Task prompt |
The entries are to be printed again word for word, but no picture may appear.
◆ ◆ ◆
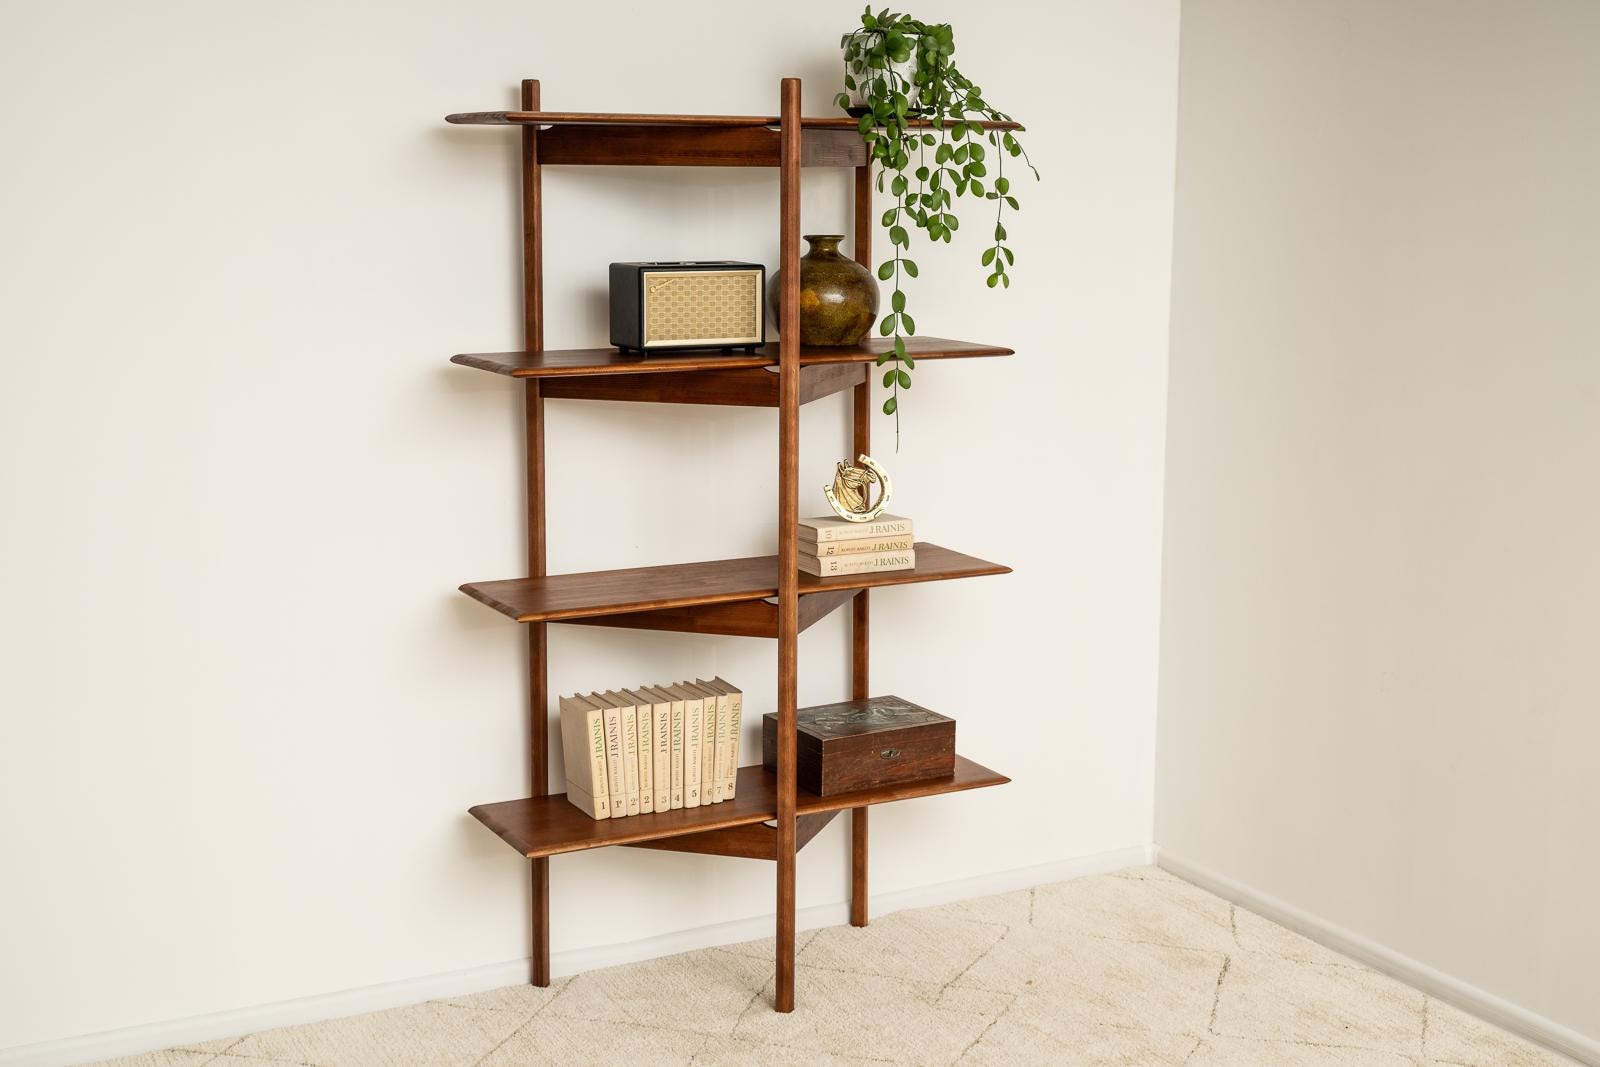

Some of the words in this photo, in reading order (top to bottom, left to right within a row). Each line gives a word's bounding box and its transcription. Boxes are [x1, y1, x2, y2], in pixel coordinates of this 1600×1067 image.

[827, 546, 835, 555] 12
[830, 561, 838, 571] 13
[717, 786, 721, 794] 7
[727, 782, 733, 790] 8
[691, 789, 697, 797] 5
[707, 788, 713, 796] 6
[644, 796, 650, 804] 2
[661, 796, 667, 804] 3
[601, 801, 605, 810] 1
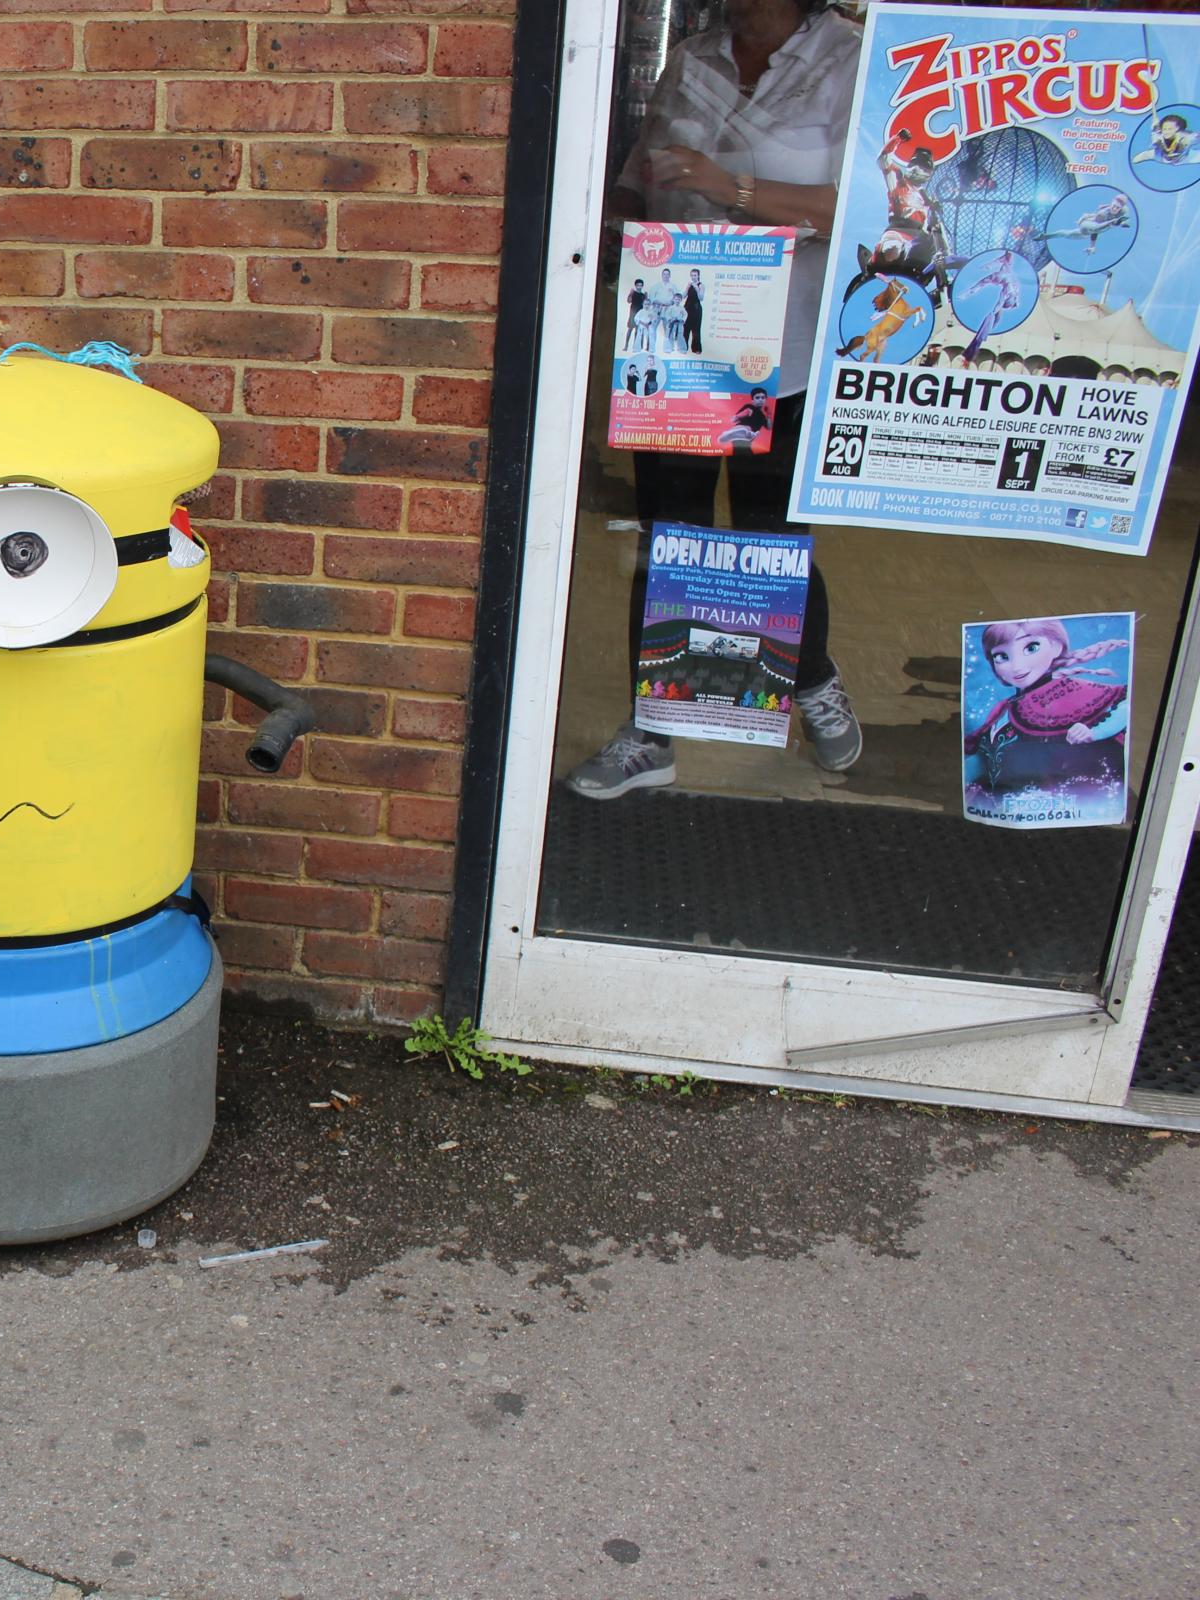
◆ ◆ ◆
Result |
Some of the words in this photo, in reading order (top to bottom, left to right within a row). Each line gives a word's bounding box and its transcription. Boxes are [x1, y1, x2, y2], in pixel coordinates of this 1600×1067 image.

[827, 546, 835, 555] 12
[830, 561, 838, 571] 13
[717, 786, 721, 794] 7
[727, 782, 733, 790] 8
[691, 789, 697, 797] 5
[707, 788, 713, 796] 6
[644, 796, 650, 804] 2
[661, 796, 667, 804] 3
[601, 801, 605, 810] 1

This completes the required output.